It has been awhile that I haven't sat down and poured my thoughts into the blog.
Truth is we have been busy and at the end of the day was too exhausted to update on the little one.
Since September 2015, we have moved to a new home, changed school, Naylah has been catching the bus back home and have been at the doctors non-stop.
Miss Naylah is loving to have a backyard - it's absolutely one of her favorite things ever.
My sister and her better half came for a visit and got Alex and Naylah a trampoline since then, I am loving to watch sister and brother bond .
The older Alex is getting the sweeter he is with Naylah. He helps her out, understands her as much as I do. He has been an amazing helper, and her she is in awes in front of him.
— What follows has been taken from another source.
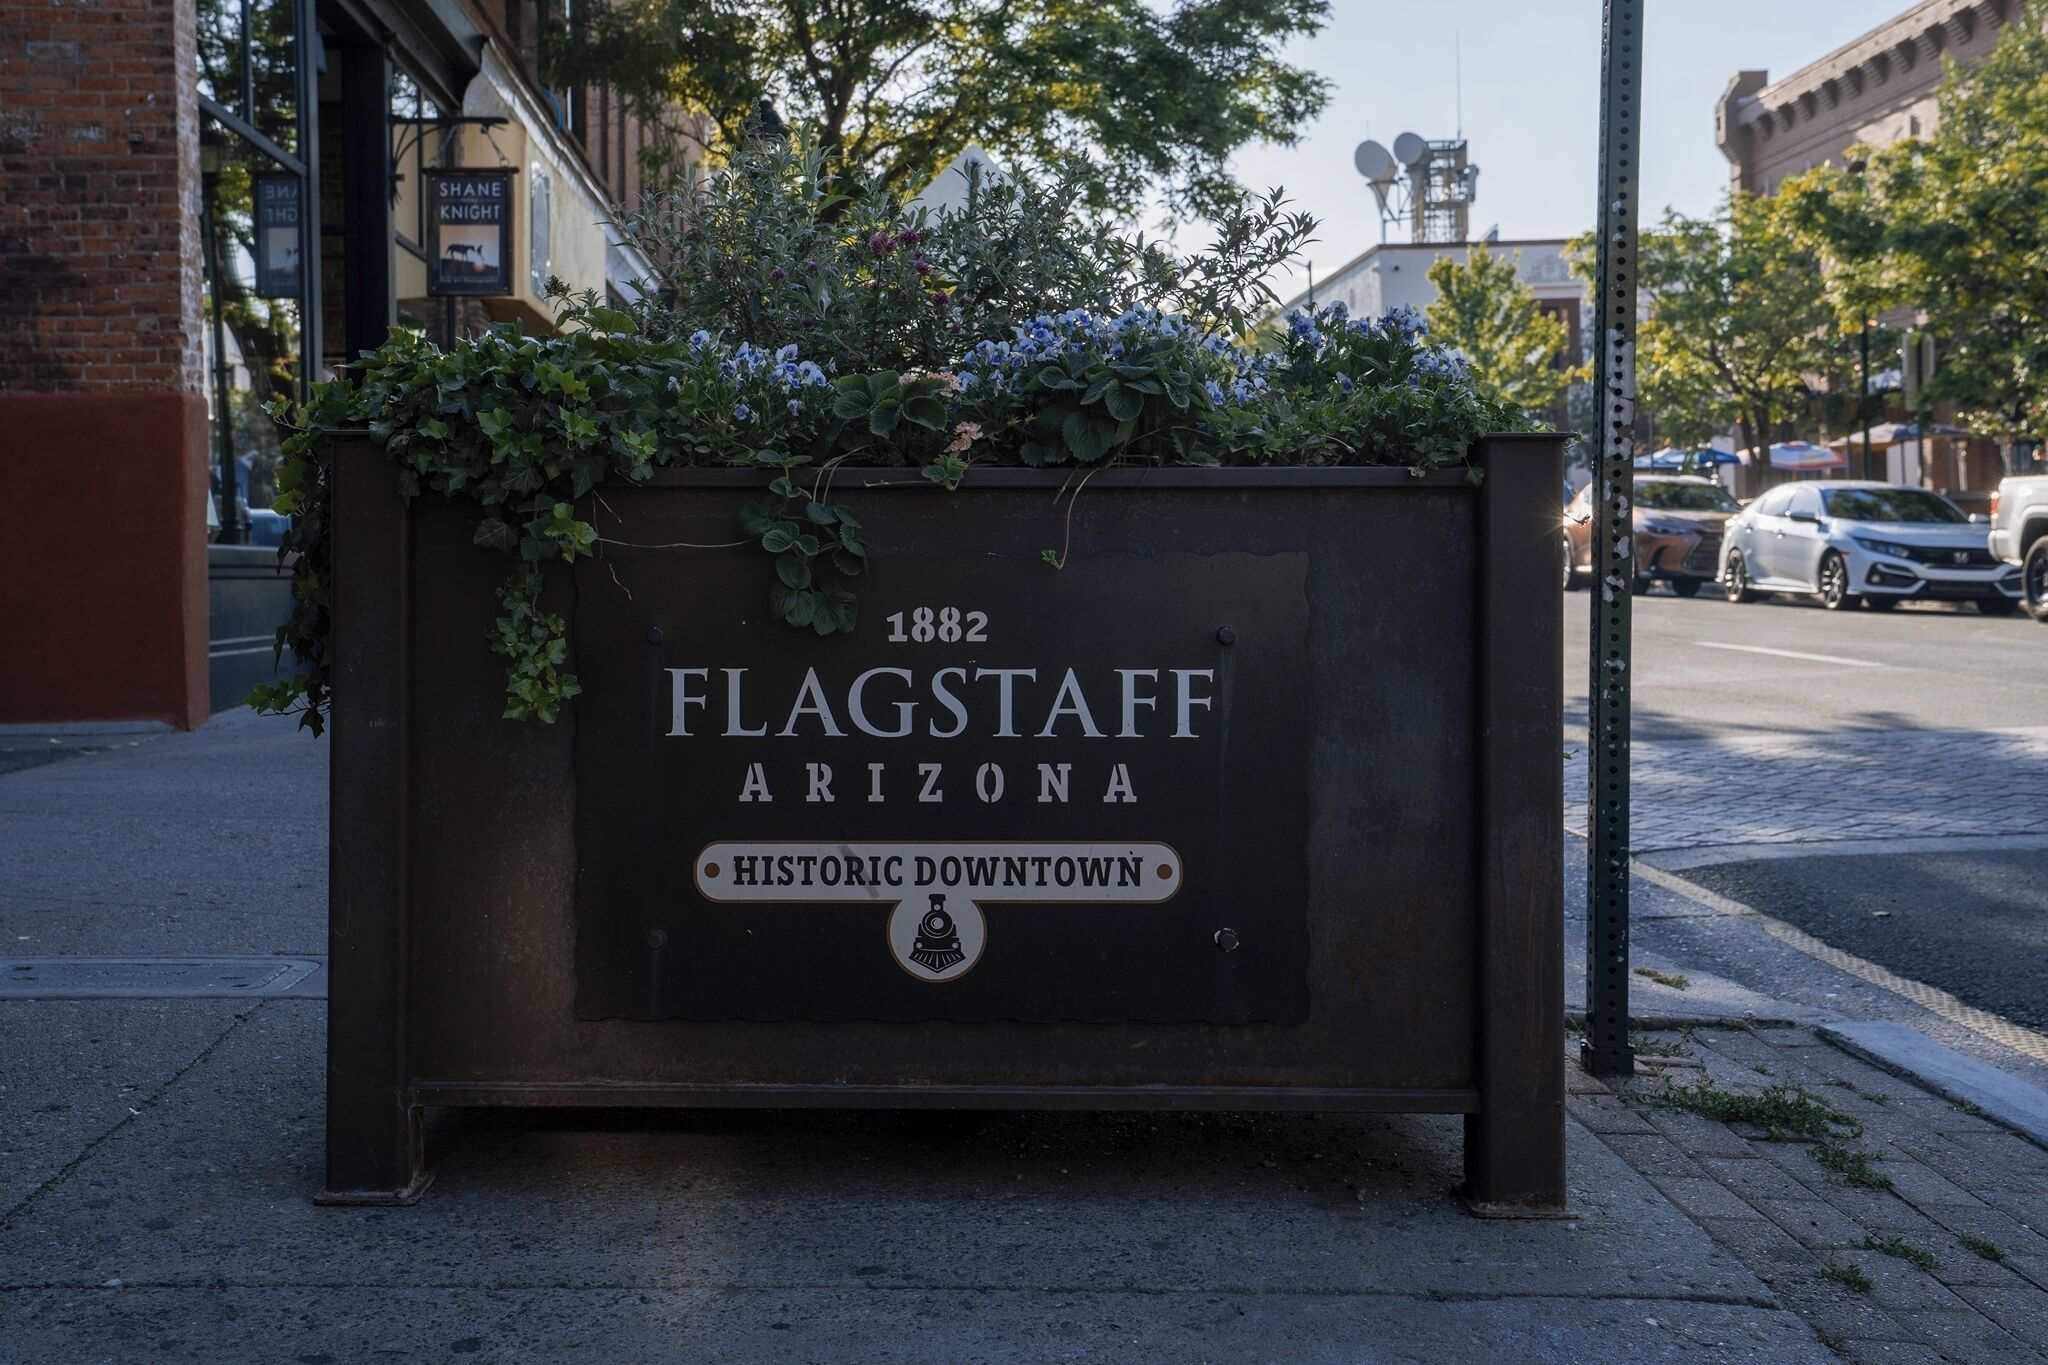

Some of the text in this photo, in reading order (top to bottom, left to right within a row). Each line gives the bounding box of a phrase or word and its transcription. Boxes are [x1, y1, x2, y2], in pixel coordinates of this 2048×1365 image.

I love how he protects her when his neighborhood friends ask about Naylah - such as why she is wearing an eye patch ? Why is she making so much noise? And what's that in her belly? He always gives out the best answer E V E R. Thanks buddy, you have a huge part on Naylahs milestones achievements.
We were sad to change school, but since we moved we didn't have much choice. I was scared at first but her teacher is as amazing as the previous one.
Naylah loves catching the bus home. It's giving her more independence and I love how when the bus park in front of our home she always peeks to see if we are there.
Naylah reflux still hasn't gotten better so in December of 2015 we decided to go for the Nissan procedure to try to block reflux and also see if we could see improvements on stridor and liquids found in lung.
We are now weaning her off reflux medicines and go back next week for a bronchoscopy and endoscopy performed by gastroenterologist and pulmonologist. We are hoping for good results and improvements and to finally catch a little break from hospital testing.
I had forgotten how it was like to sleep in a hospital bed, be awaken by all hours by nurses that needs to do their assessments , to be in a close wall while your child is in a bed with monitors on. Luckily we got to go home after 3 days inpatient.
It feels lonely in there, as busy as it is with doctors and nurses in and out, and how well everyone is familiar with a child , a hospital is a hospital . You stay away from your home, one of the spouses need to care for the other child(ren). And it honestly gives you too much time to think.
Think of how it would be nice to never know this medical world, and then you look around you, the rooms next to you and see another parent there alone as well, holding their child hand, trying hard to make it seem like home as you possibly can.
Naylah got featured in a calendar by happy soul project. Tara is a mom of a little one who happens to have Down syndrome. This year it was all about #differentisbeautiful and Naylah showed well that indeed it is. We were so proud that she got chosen to be part of the project.
In my end, this mama here will try to write more.
In the past few month I have gotten many emails from mothers who just gotten a diagnosis similar to Naylah, and I feel privileged to be able to read their stories. I know their stories because of Naylahs website, they shared their fears with me, their joys, the unknown that we know all too well.
And each email I have received made me realize that Naylahs story is helping another person. So I will continue to share our ups our downs and share her story with you.
I know it's already February but wanted to wish you all a happy new year.